Topics: workplace injury, medical privilege, federal court jurisdiction, railroad liability

Summary

Background

A railroad employee sued the Arizona & New Mexico Railway after an on-the-job injury, claiming $40,000 under the Federal Employers' Liability Act. The suit began in territorial court before Arizona became a State; proceedings continued in federal court, the jury returned a verdict for the employee, and the verdict was affirmed by the Court of Appeals.

Reasoning

The Court addressed two main questions: whether the federal court properly heard the case after statehood, and whether the trial court properly excluded testimony from two physicians who had examined the employee. The majority held that the defendant waived jurisdictional objections by answering on the merits in federal court. On the medical evidence, the Court read Arizona law to protect both what a patient tells a doctor and what a doctor learns by personal examination, and concluded the statute's waiver clause applied only when the patient voluntarily testifies about communications to the doctor. Because the plaintiff did not expressly testify about those communications, the trial court properly excluded the doctors' testimony.

Real world impact

The decision lets state law bar physician testimony about bedside examinations unless the patient expressly waives that protection by testifying about what was told to the doctor.

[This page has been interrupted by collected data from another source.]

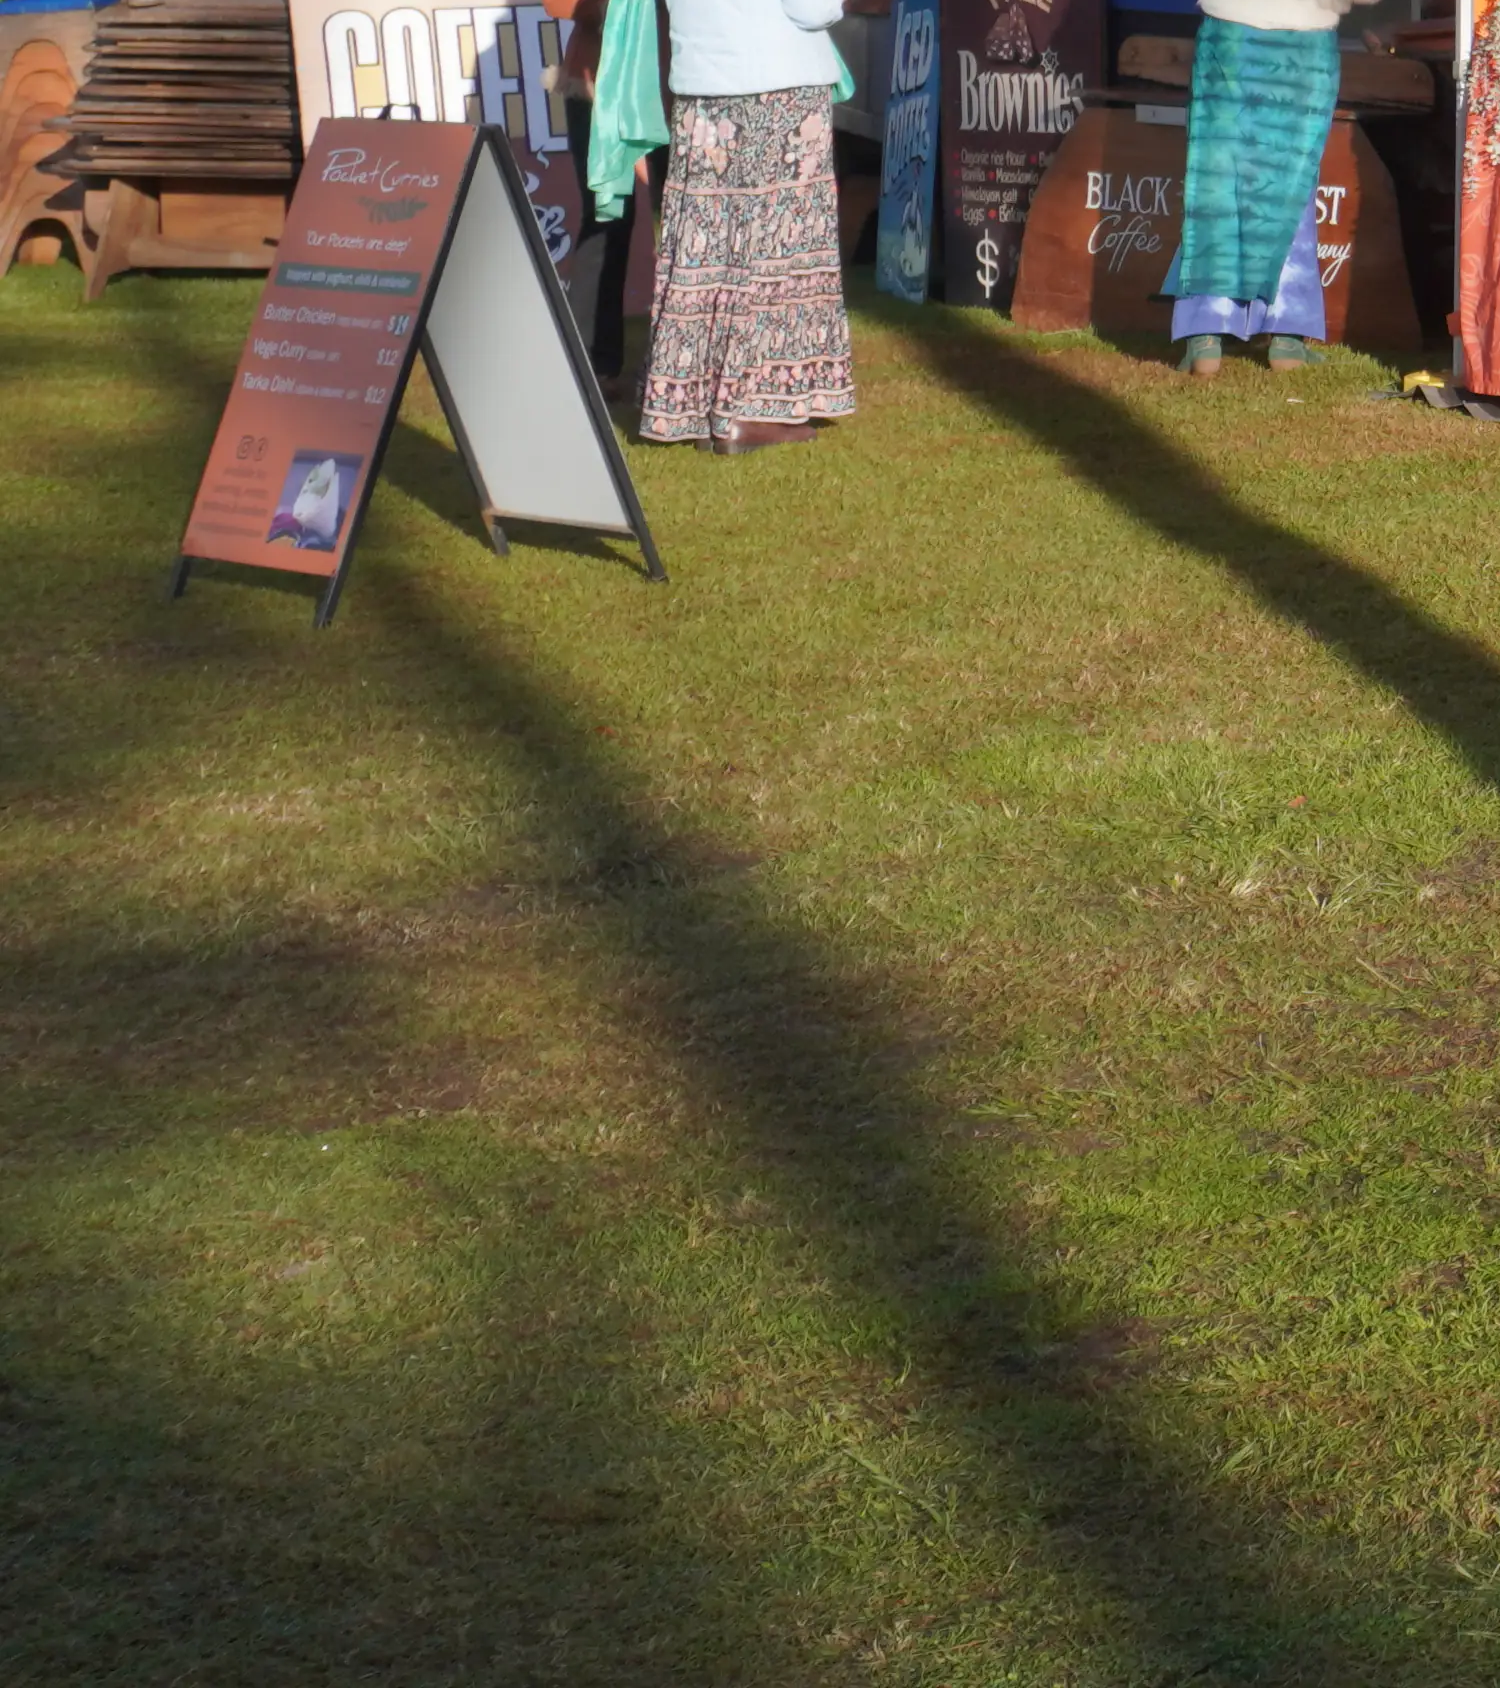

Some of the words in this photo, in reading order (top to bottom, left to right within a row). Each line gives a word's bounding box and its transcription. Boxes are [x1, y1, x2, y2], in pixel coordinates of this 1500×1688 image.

[890, 2, 935, 97] ICED
[957, 49, 1085, 134] Brownies
[961, 149, 989, 168] Organic
[322, 148, 380, 185] Pocket
[380, 161, 439, 193] Curries
[1085, 171, 1171, 216] BLACK
[962, 206, 985, 226] Eggs
[327, 234, 364, 250] Pockets
[366, 238, 384, 251] are
[1087, 214, 1163, 272] Coffee
[1317, 242, 1351, 287] any
[976, 228, 1000, 299] $
[263, 303, 296, 322] Butter
[296, 306, 336, 325] Chicken
[254, 338, 279, 359] Vege
[279, 340, 307, 361] Curry
[376, 348, 399, 366] $12
[242, 372, 269, 391] Tarka
[363, 385, 386, 404] $12
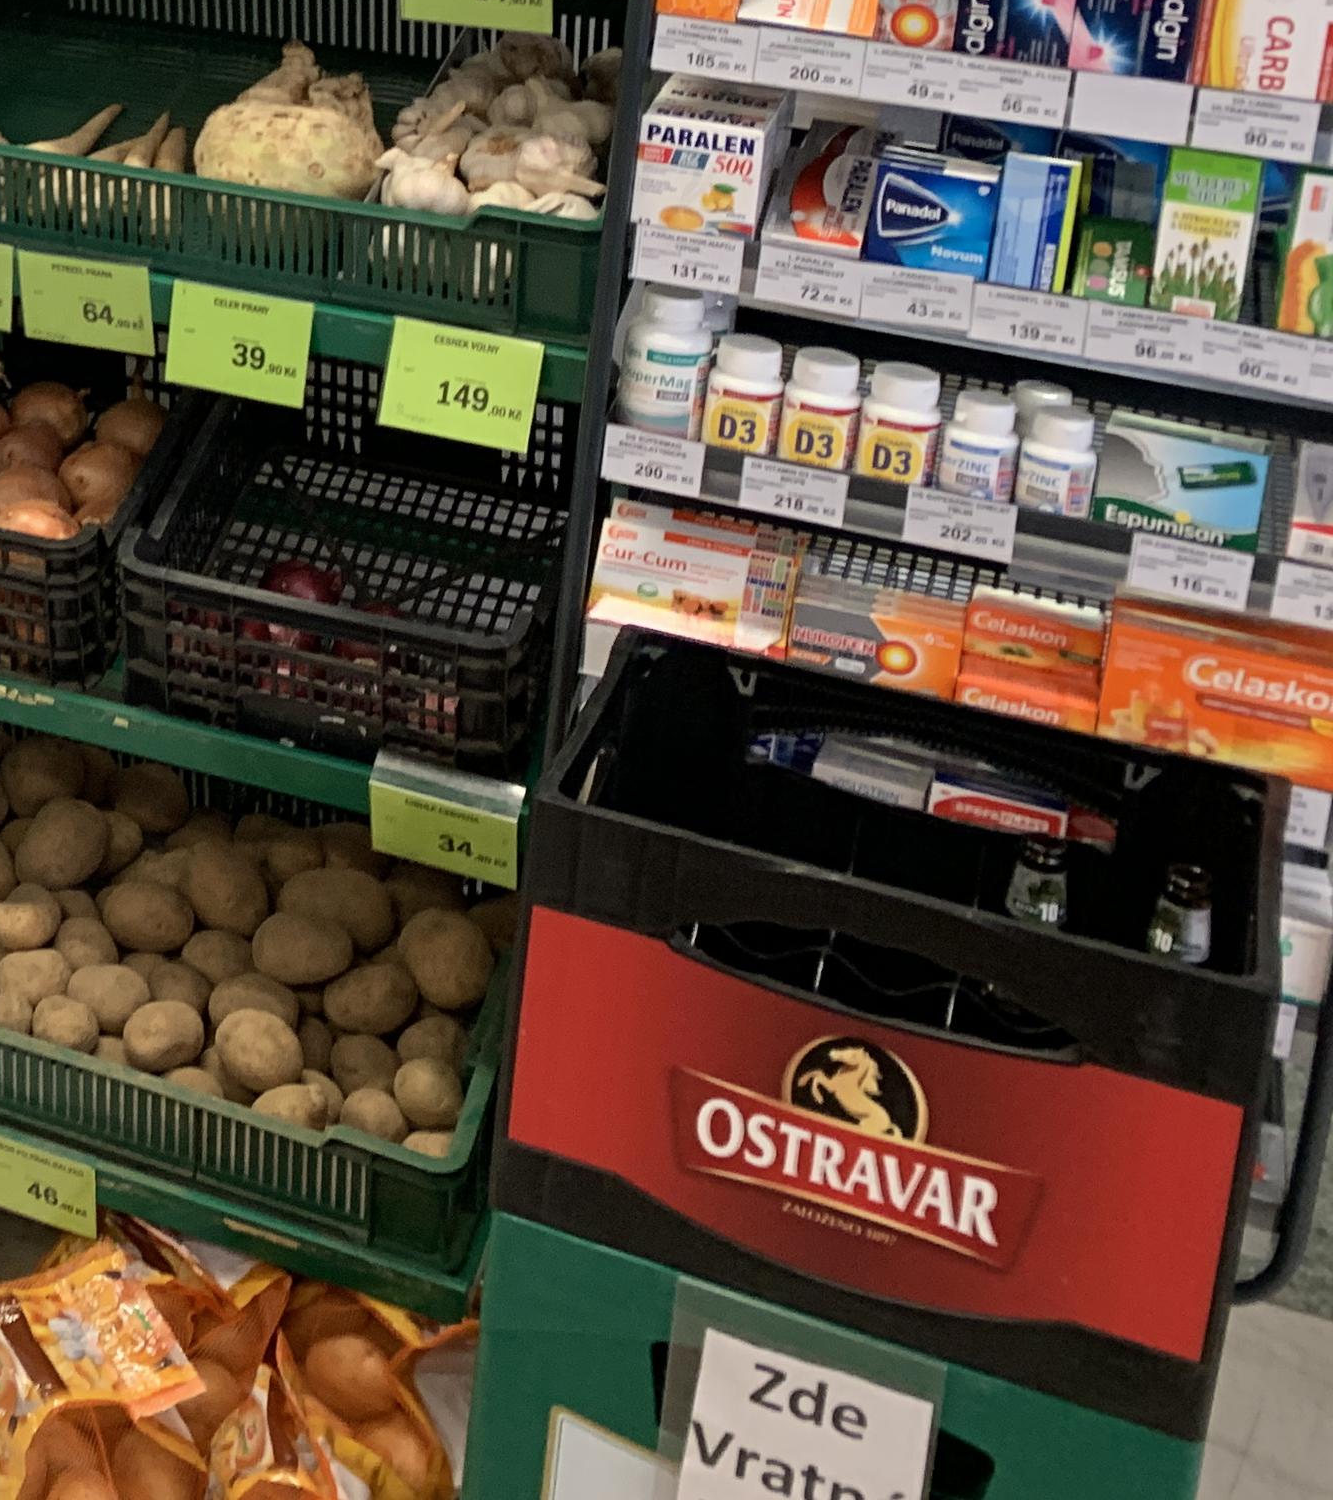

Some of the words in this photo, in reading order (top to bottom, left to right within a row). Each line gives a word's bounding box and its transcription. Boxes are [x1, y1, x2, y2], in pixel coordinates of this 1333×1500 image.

[647, 123, 755, 156] PARALEN
[712, 156, 754, 177] 500
[885, 198, 943, 222] Panadol
[930, 245, 984, 264] Novum
[231, 342, 283, 375] 39,90
[436, 380, 507, 421] 149,00
[718, 413, 757, 445] D3
[795, 427, 834, 459] D3
[872, 443, 912, 476] D3
[1105, 503, 1225, 546] Espumisan
[601, 543, 688, 572] Cur-Cum
[791, 625, 877, 657] NUROFEN
[972, 610, 1067, 648] Celaskon
[1187, 657, 1333, 712] Celasko
[962, 687, 1061, 726] Celaskon
[1039, 902, 1058, 923] 10
[1153, 927, 1173, 953] 10
[696, 1098, 999, 1248] OSTRAVAR
[749, 1362, 869, 1441] Zde
[692, 1419, 907, 1500] Vratn

That limits a defendant’s ability to use treating physicians to contradict an injured worker’s account. It also confirms that litigants who proceed on the merits in federal court can lose technical jurisdictional objections.

Dissents or concurrances

Justices Hughes and Day dissented, arguing the patient’s testimony about his condition and his nurse’s testimony should have waived the privilege and allowed the doctors to be questioned.